A few things to report:

1, I got a call on Frid. morning from Children's saying that they had Avery on a list for manometry testing (probes are placed along the gi tract to test how he moves food). First of all we had no idea he was on the list so I was thrown for a loop. This requires Avery to go to the OR and have the probes placed through his feeding tube. Then next day they start hooking him up to testing in which they try formula at a high rate and different medicines to see how his system reacts to them. This will be REALLY tough on him b/c he cannot even tolerate meds. without vomitting let alone feeding at 100cc/hr. So this means that he will vomit like crazy. So the downside is that it will be a really tough test on him. Buuuttt, it may yeild some very useful information. Like will he have the ability to get off the TPN (IV nutrition) and is it even worth it to keep torturing with feeding his gut. He is scheduled Feb. 24th for inpatient. So I am not 100% sold on doing it but Rick and I discussed it at length and think it may be worth it. But Rick will have to be with me during the test b/c it will be horrible to see Avery suffer all day by myself.

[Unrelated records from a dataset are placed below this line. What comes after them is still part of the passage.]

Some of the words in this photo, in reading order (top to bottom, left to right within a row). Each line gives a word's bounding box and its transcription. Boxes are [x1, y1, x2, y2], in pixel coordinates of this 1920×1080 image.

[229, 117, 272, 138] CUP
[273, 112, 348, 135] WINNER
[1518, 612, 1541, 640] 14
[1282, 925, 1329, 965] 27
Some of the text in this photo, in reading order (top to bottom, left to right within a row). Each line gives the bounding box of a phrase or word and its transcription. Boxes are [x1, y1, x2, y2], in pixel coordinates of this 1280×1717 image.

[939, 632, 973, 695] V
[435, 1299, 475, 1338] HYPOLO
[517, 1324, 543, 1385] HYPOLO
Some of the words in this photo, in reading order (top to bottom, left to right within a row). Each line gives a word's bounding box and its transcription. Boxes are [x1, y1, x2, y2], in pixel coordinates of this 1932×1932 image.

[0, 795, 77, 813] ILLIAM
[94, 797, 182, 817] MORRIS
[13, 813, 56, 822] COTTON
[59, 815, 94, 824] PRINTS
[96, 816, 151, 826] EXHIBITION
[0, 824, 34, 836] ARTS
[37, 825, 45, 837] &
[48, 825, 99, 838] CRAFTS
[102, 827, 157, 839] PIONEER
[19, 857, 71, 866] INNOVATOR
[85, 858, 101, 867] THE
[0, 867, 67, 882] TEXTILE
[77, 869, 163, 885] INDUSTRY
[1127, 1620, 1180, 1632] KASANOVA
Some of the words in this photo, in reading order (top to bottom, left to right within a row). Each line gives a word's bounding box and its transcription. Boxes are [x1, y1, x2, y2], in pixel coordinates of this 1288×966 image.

Isaiah continues to have a real tough time with retching. He is now doing it almost daily and has very few days that he feels good all day. This is a MAJOR issue and we really need to get to the bottom of things. I am not sure what the cause of it is but he needs to be worked up.

Also labs were done on the boys in the summer and would you believe noone ever called back with the results. So why do they bother even doing testing if they never follow-up. I am so beyond frustrated with the system. I just feel that healthcare has gone so far down the tubes. You have to be a constant advocate for you kids and family and it is exhausting. Anyway, I ask the nurse from the pallative team to look up the labs. and one of Isaiah's was through the roof (norms being below 200 and Isaiah was 1700). OMG. I am fuming. This is an acid that your body cannot break down and Avery also had this show up high last yr. So in my research I found a specific type of mitochondrial disease that has this high methlymalonic acid level. So I emailed the neurologist and she now wants to test the boys for this.

Doesn't it sound like I should be getting paid as a dr. b/c that is what I feel like most of the time.

So needless to say, we alot going on as always. I am hoping that I get alot of things straightened out before my trip. Fingers crossed.